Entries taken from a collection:
━━━━━━━━━━━━━━━━━━━━━━━━━━━━━━

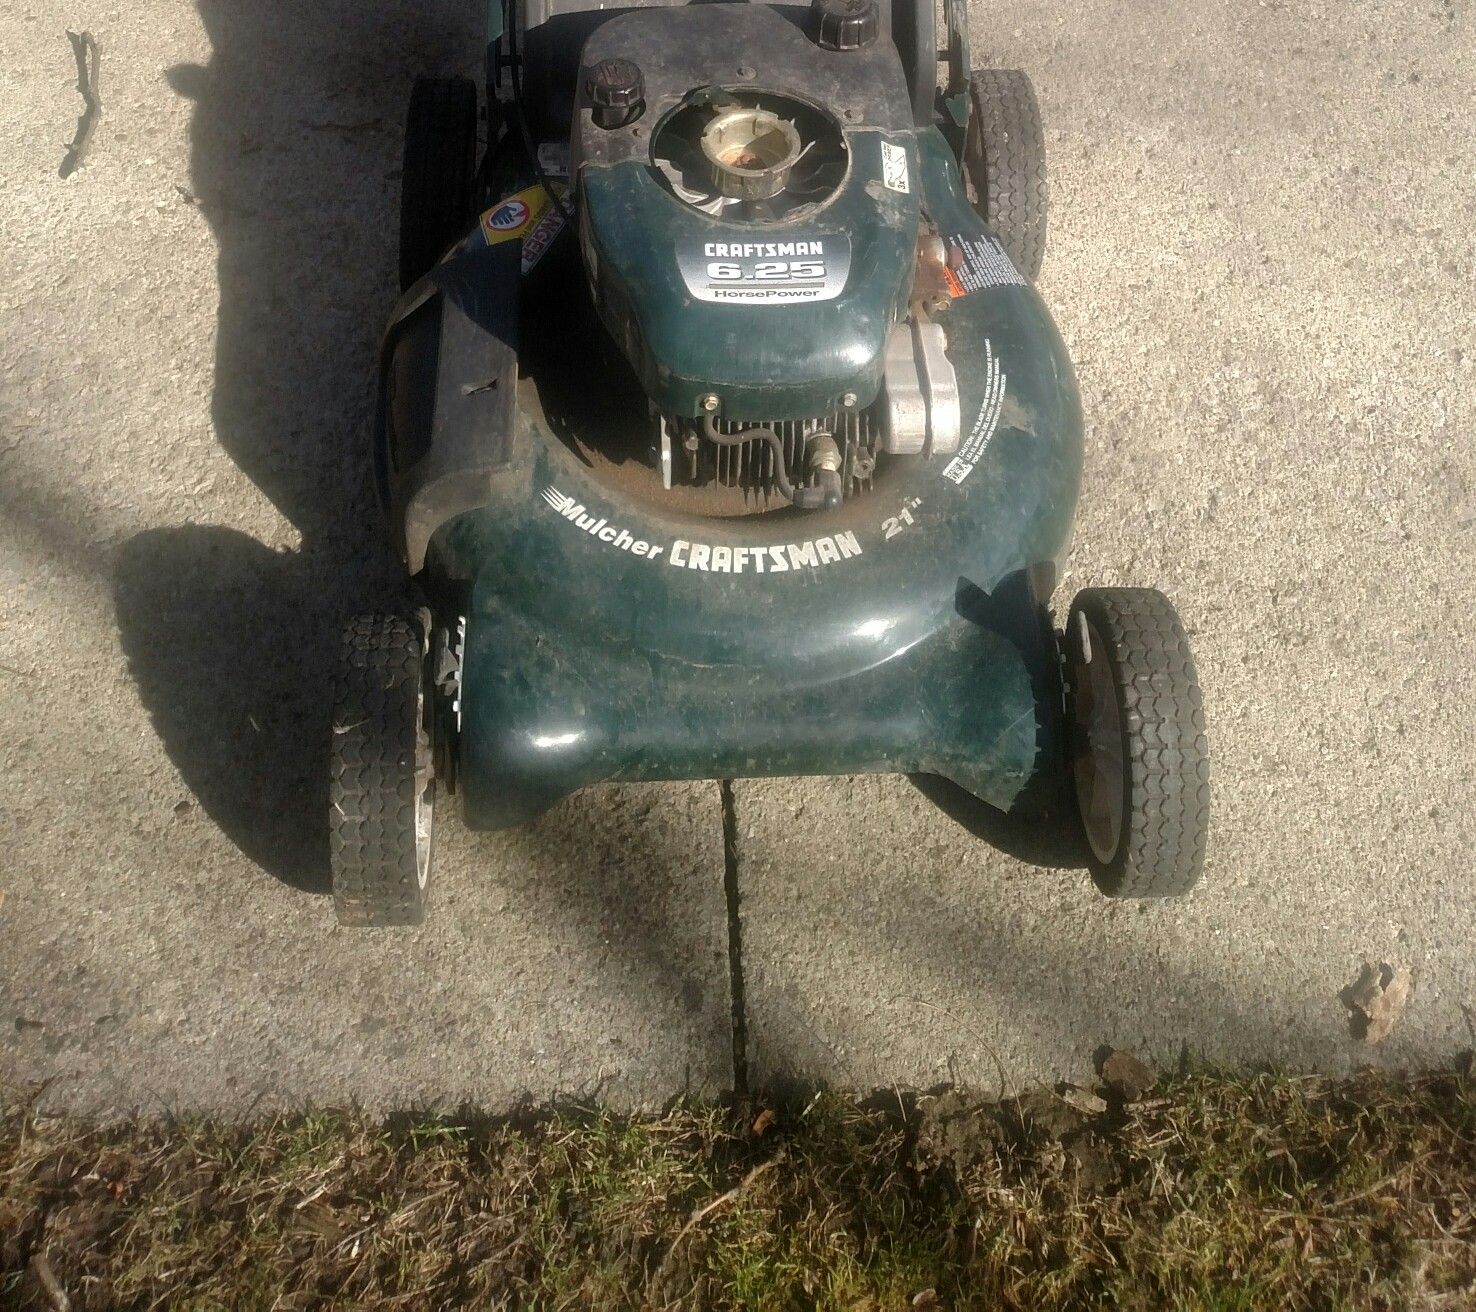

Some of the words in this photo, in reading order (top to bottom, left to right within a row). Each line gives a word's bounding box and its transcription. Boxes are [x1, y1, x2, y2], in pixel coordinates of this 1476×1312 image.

[704, 241, 824, 257] CRAFTSMAN
[706, 261, 827, 280] 6.25
[714, 290, 820, 298] HorsePower
[558, 496, 663, 561] Mulcher
[669, 530, 862, 574] CRAFTSMAN
[880, 497, 923, 541] 21"
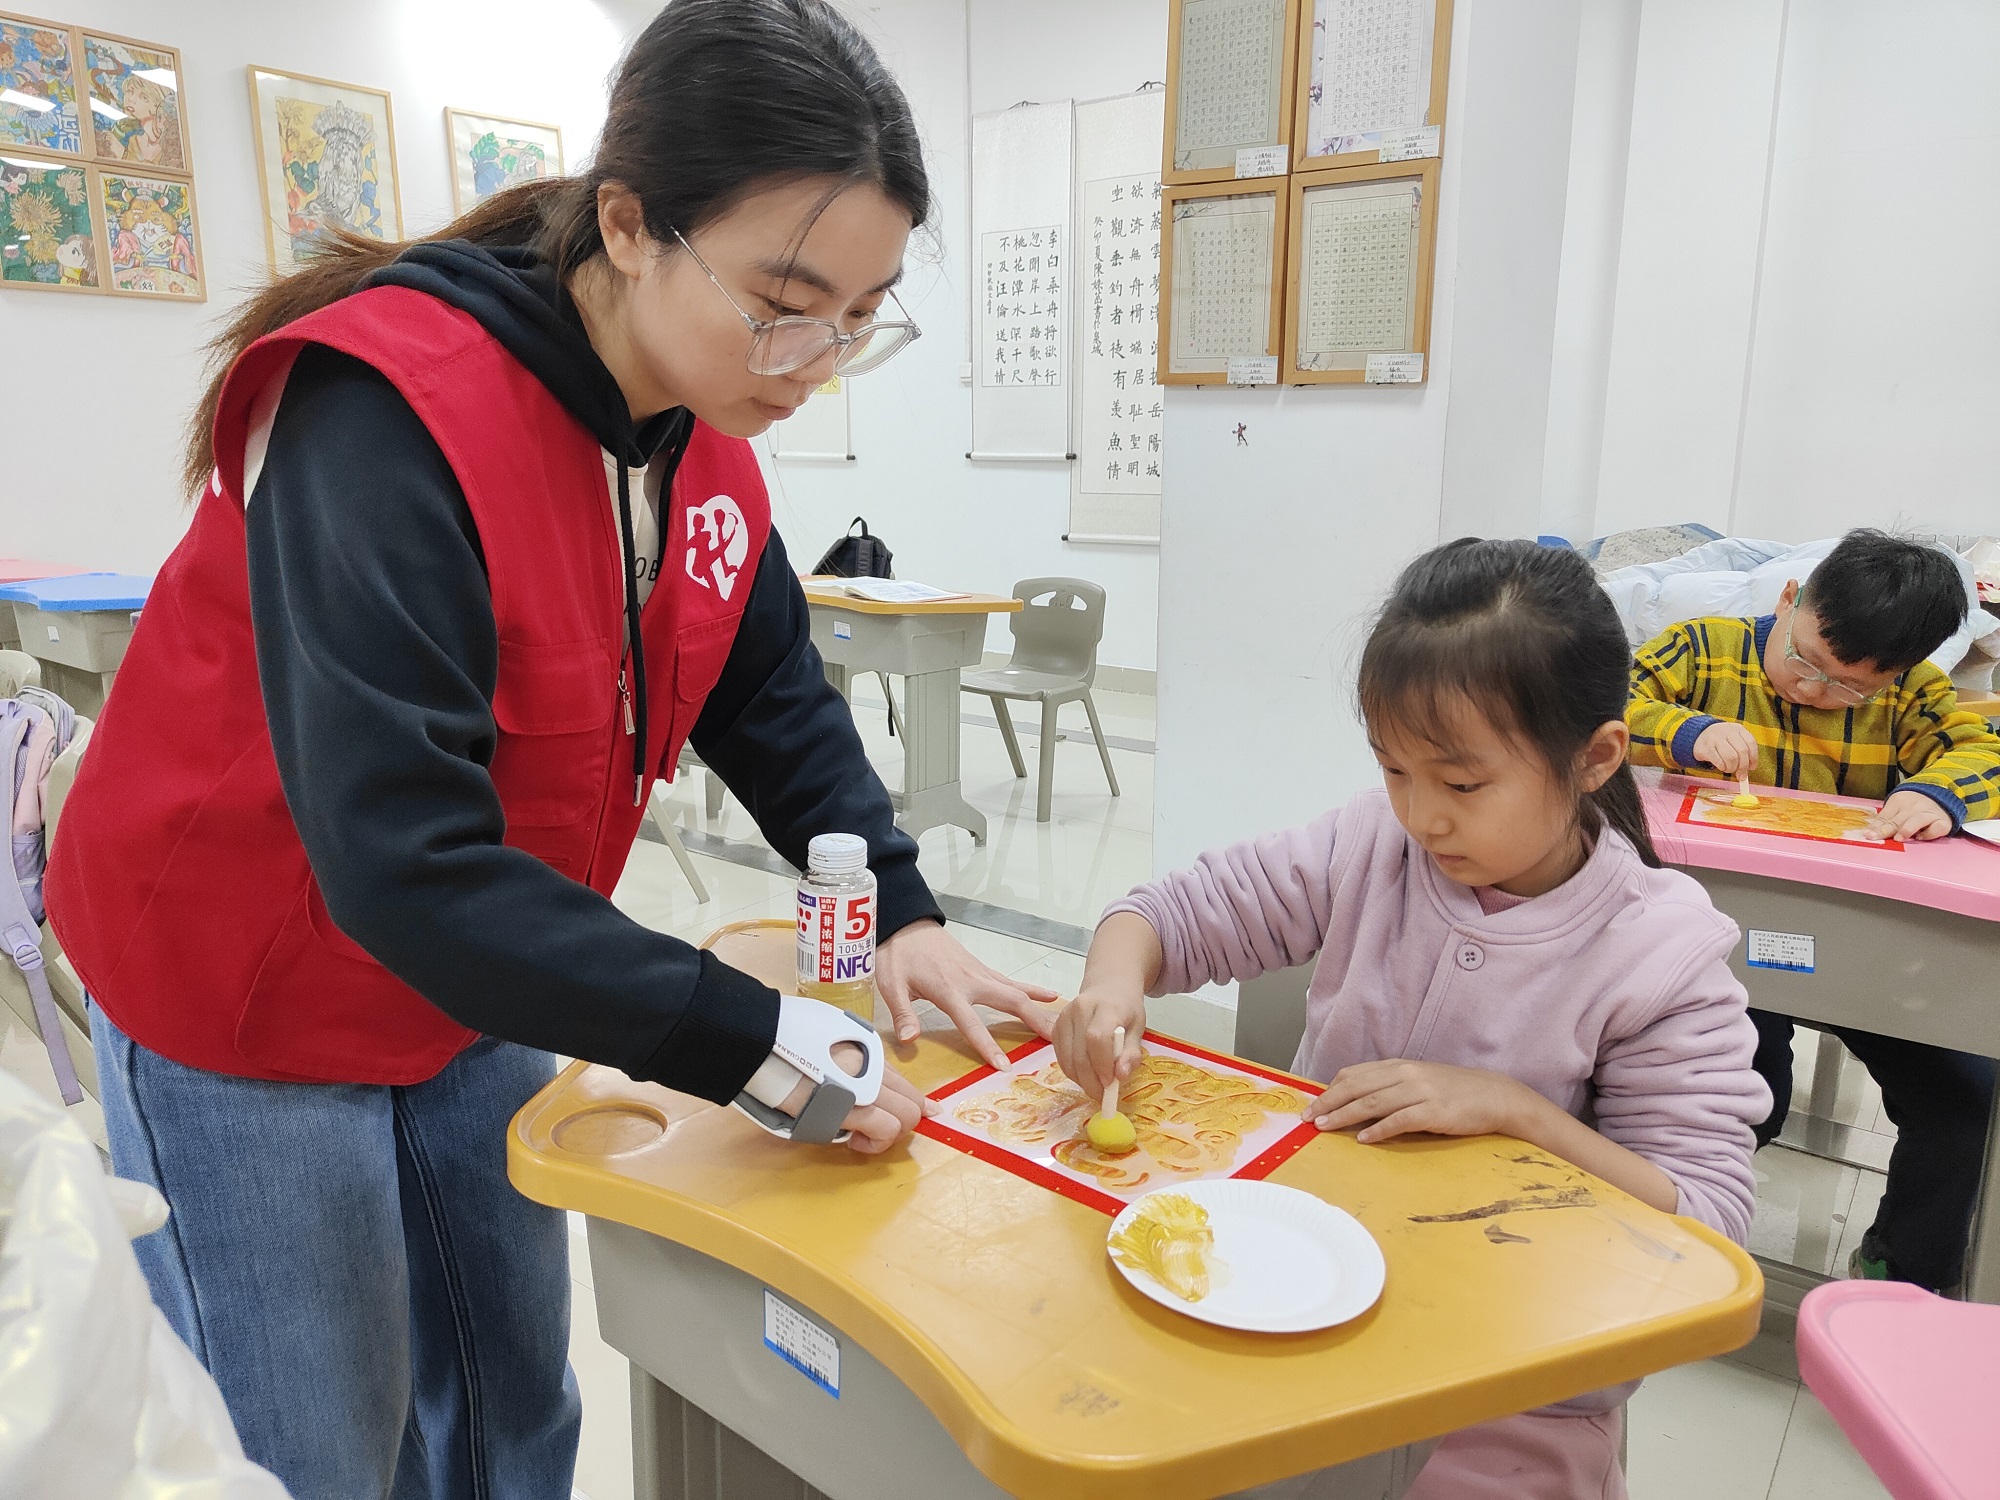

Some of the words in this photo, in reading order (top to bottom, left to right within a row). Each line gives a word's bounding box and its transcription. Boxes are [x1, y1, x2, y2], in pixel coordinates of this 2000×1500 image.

[821, 915, 833, 979] 非浓缩还原
[837, 951, 871, 979] NFC
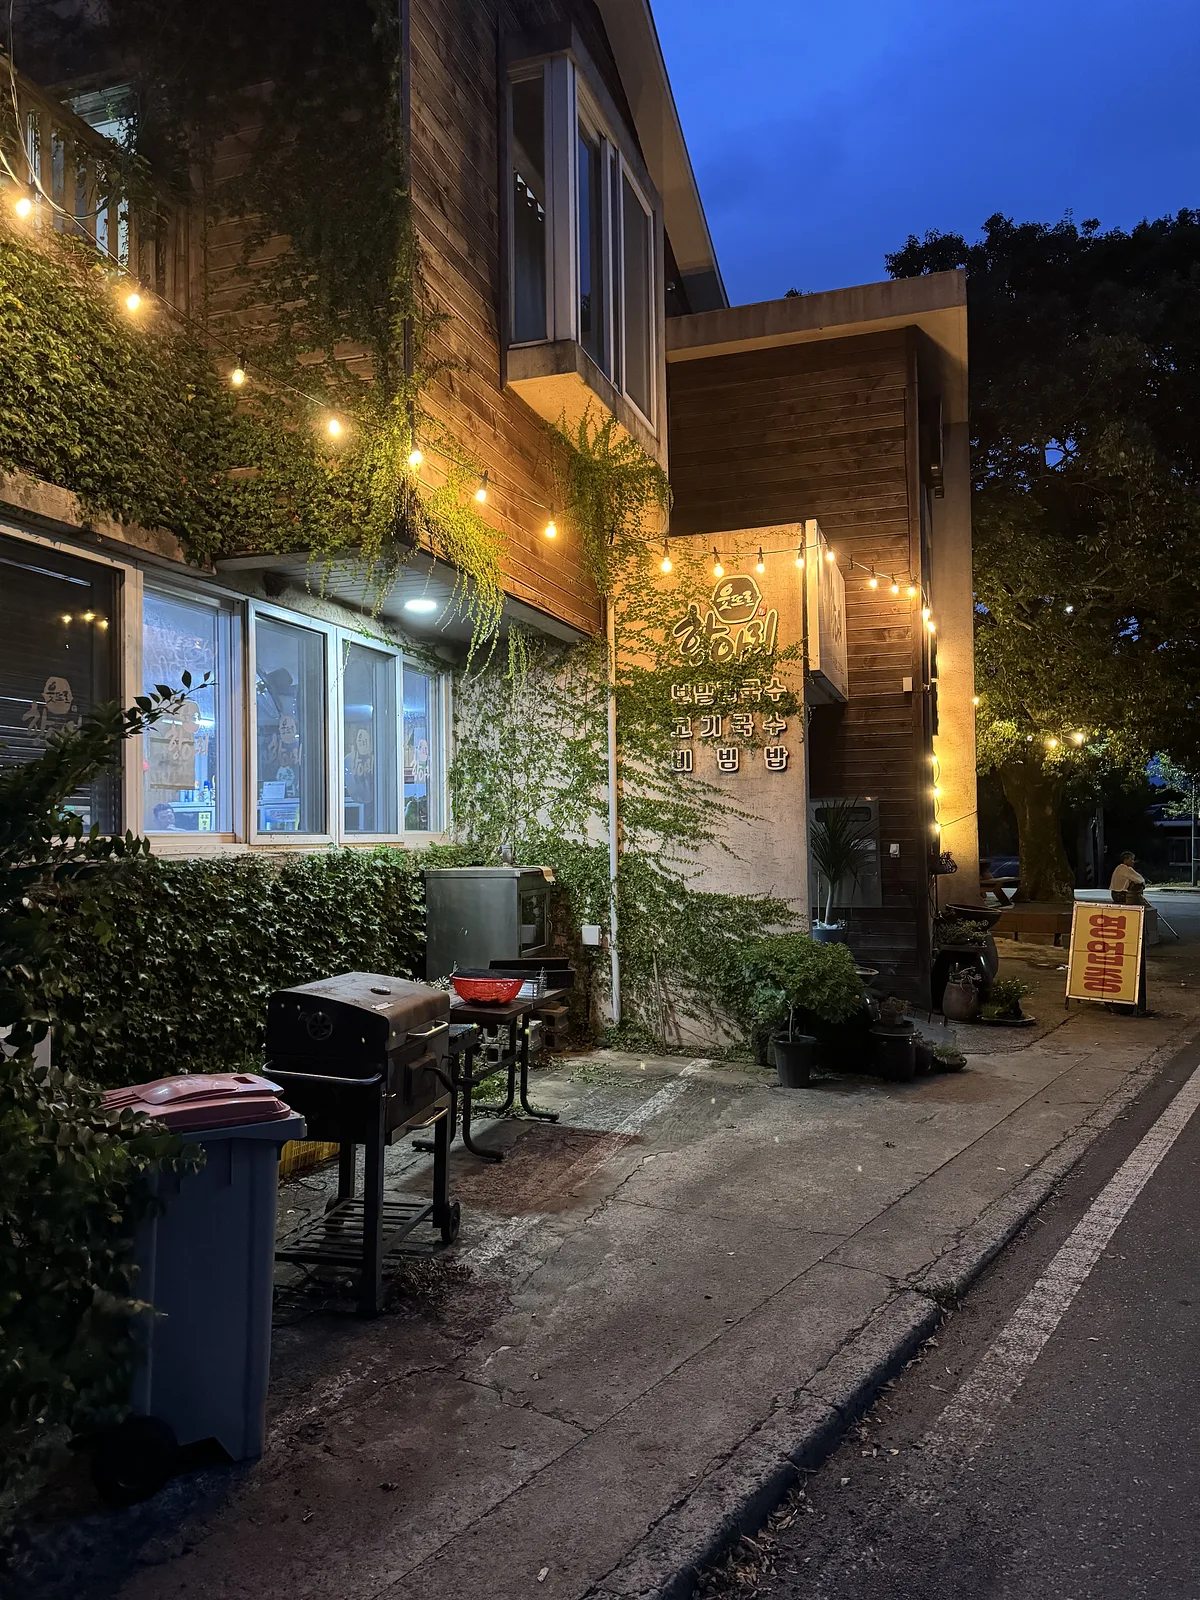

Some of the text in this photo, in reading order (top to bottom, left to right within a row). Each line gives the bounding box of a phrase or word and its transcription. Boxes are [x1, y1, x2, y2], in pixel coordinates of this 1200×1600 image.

[671, 677, 788, 705] 보말국수
[670, 712, 787, 739] 고기국수
[671, 746, 789, 772] 비빔밥
[1083, 914, 1127, 994] 영업중

━━━━━━━━━━━━━━━━━━━━━━━━━━━━━━

WHAT TO WORK ON: The lines from the one containing "Some of the text" through the last line of the records are to be transcribed exactly, with nothing else added.

SOLUTION TO THE PROBLEM:
Some of the text in this photo, in reading order (top to bottom, left to right within a row). Each line gives the bounding box of a phrase or word and its transcription. Boxes are [x1, y1, x2, y2], in pixel coordinates of this 1200×1600 image.

[671, 677, 788, 705] 보말국수
[670, 712, 787, 739] 고기국수
[671, 746, 789, 772] 비빔밥
[1083, 914, 1127, 994] 영업중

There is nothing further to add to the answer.